---------- Data supplied

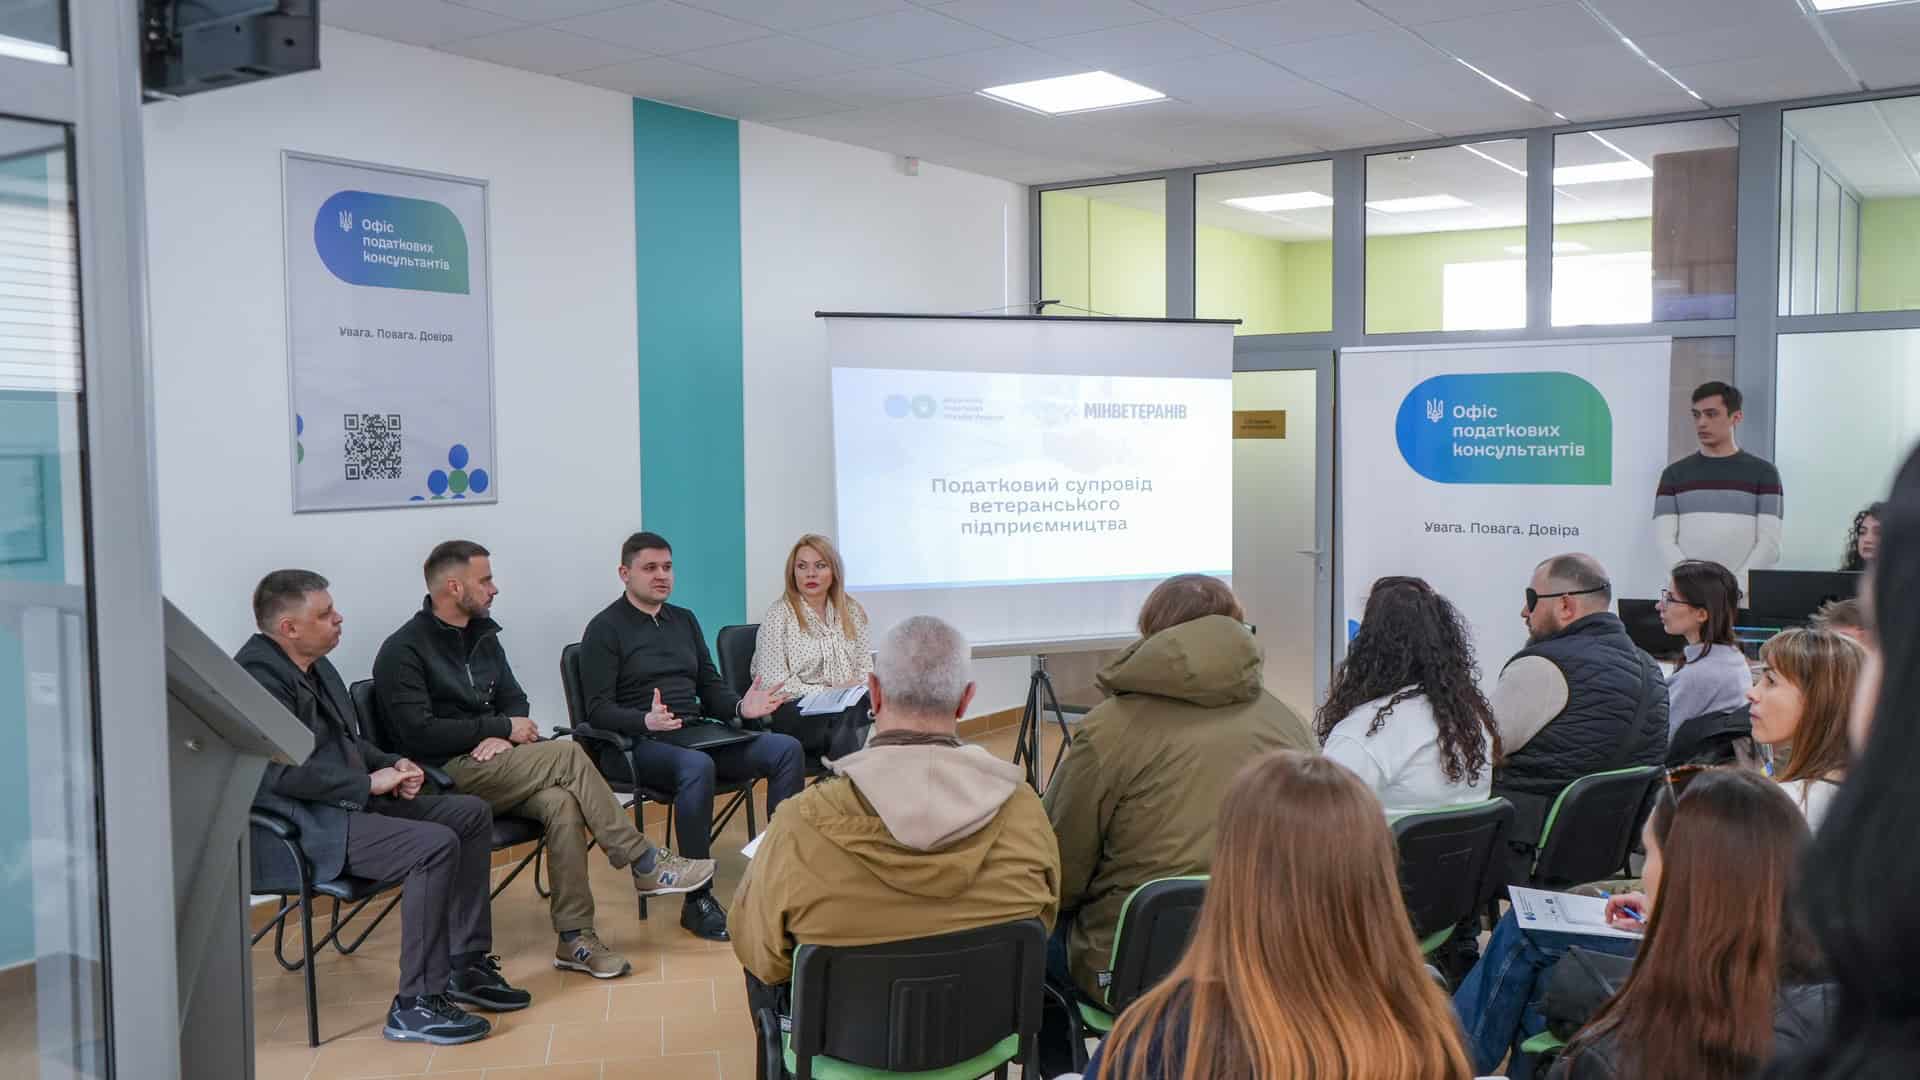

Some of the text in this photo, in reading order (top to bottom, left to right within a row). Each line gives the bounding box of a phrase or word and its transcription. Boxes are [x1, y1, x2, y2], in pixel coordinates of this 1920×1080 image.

[362, 218, 395, 234] Офіс
[362, 236, 434, 254] податкових
[363, 250, 451, 271] консультантів
[377, 328, 418, 340] Повага.
[420, 331, 454, 343] Довіра
[1083, 402, 1188, 420] МІНВЕТЕРАНІВ
[1452, 404, 1499, 421] Офіс
[1453, 423, 1561, 440] податкових
[1453, 442, 1585, 461] консультантів
[931, 476, 1154, 494] Податковий супровід
[969, 497, 1121, 516] ветеранського
[961, 518, 1128, 537] підприємництва
[1424, 521, 1581, 538] Увага. Повага. Довіра
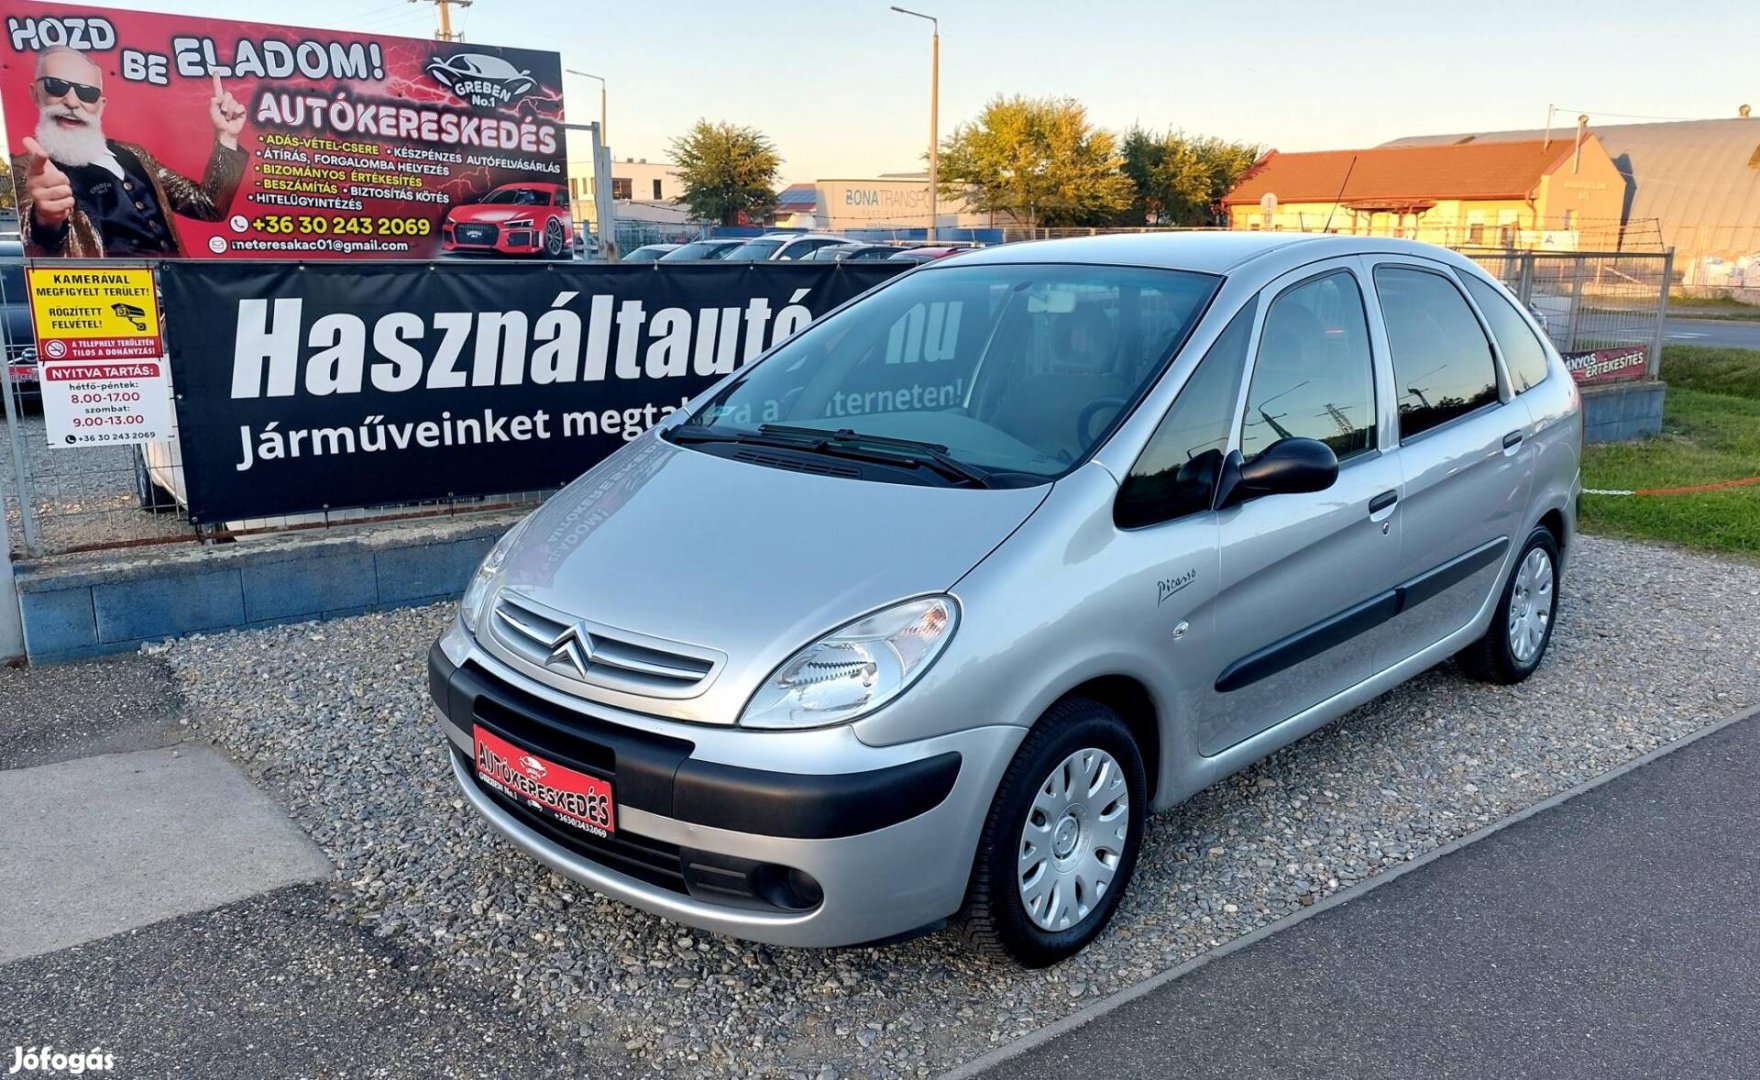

--------------------

> _Work request_
Copy out all the data exactly. No images belong in the copy.

> _Solution to this problem_
Some of the text in this photo, in reading order (top to bottom, left to right within a row). Each line gives the bounding box of a phrase or word and its transcription. Boxes are [x1, y1, x2, y2], in pixel coordinates of this 1920×1080 image.

[362, 218, 395, 234] Офіс
[362, 236, 434, 254] податкових
[363, 250, 451, 271] консультантів
[377, 328, 418, 340] Повага.
[420, 331, 454, 343] Довіра
[1083, 402, 1188, 420] МІНВЕТЕРАНІВ
[1452, 404, 1499, 421] Офіс
[1453, 423, 1561, 440] податкових
[1453, 442, 1585, 461] консультантів
[931, 476, 1154, 494] Податковий супровід
[969, 497, 1121, 516] ветеранського
[961, 518, 1128, 537] підприємництва
[1424, 521, 1581, 538] Увага. Повага. Довіра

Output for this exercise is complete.